According to the letter, the Texas leader plans to resume busing migrants to cities throughout the United States, including Chicago, starting Monday. With more than 8,000 migrants already arriving into Chicago since August of last year, the mayor wrote in her letter to Abbott, “We simply have no more shelters, spaces or resources.”

A Chicago police officer talks to Luis Cardona, left, and Andre Smith in February as they stand in the street and try to stop a Chicago Transit Authority bus from dropping asylum seekers off at the former James Wadsworth Elementary School at 6420 S. University Ave., which was converted into a temporary shelter for newly arrived immigrants. (Ashlee Rezin/Sun-Times)

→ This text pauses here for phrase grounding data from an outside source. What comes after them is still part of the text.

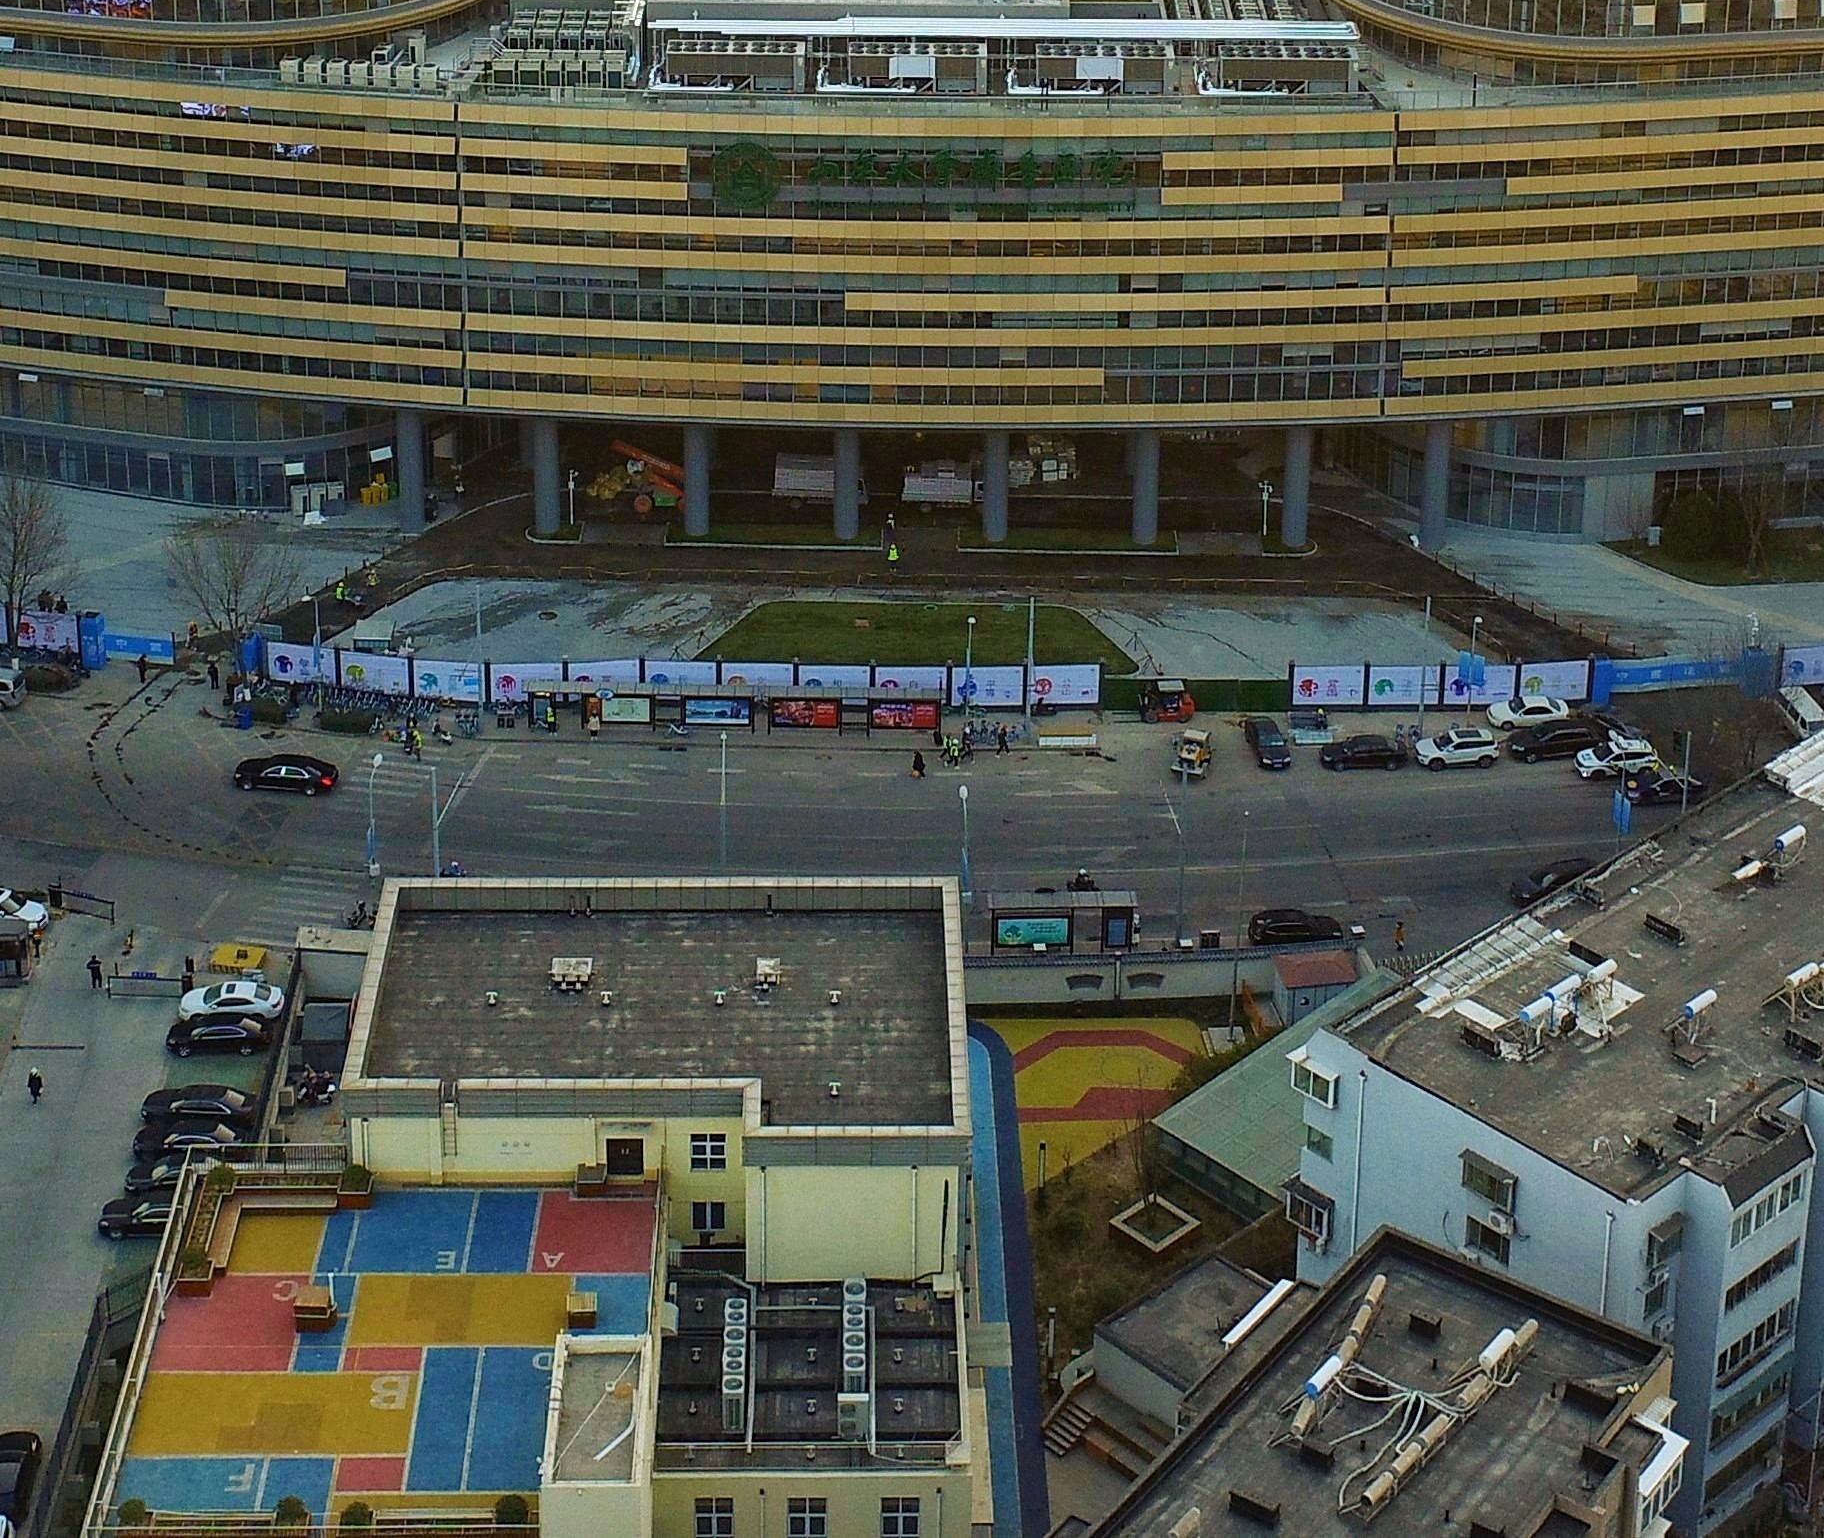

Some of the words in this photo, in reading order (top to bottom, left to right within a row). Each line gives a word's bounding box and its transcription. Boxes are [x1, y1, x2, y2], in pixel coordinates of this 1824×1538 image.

[435, 1250, 457, 1269] E
[541, 1252, 565, 1268] A
[271, 1279, 300, 1302] C
[369, 1374, 410, 1410] B
[223, 1463, 255, 1493] F

Lightfoot further blasted Abbott’s plans and said many of the migrants who had arrived in the city were in dire need of food, water and clothing. In some cases, the mayor added, extensive medical care was needed, pointing to a few incidents in which women in active labor were placed on buses.

“None of these urgent needs were addressed in Texas,” she wrote.

Lightfoot said she was sympathetic to the challenges that border cities face. However, the mayor wrote, “The national immigration problem will not be solved by passing on the responsibility to other cities.”

At a joint City Council committee meeting on Friday, Chicago leaders said the city is currently facing a $53 million shortfall in its attempt to care for the surge in migrants. In 2023, Chicago has received “zero dollars” from the federal government, budget director Susie Park said.

Still, Lightfoot said she would continue to call on the federal government for more resources and support and make policy changes as migrants make their way into the city.

The mayor added that she would also call on emergency funding to be withheld from Texas if the state resumed sending migrant-filled buses.

“I know by your actions that you either do not see or do not care about the trauma these migrants have already faced,” Lightfoot wrote to Abbott. “But I beseech you anyway: treat these individuals with the respect and dignity that they deserve.”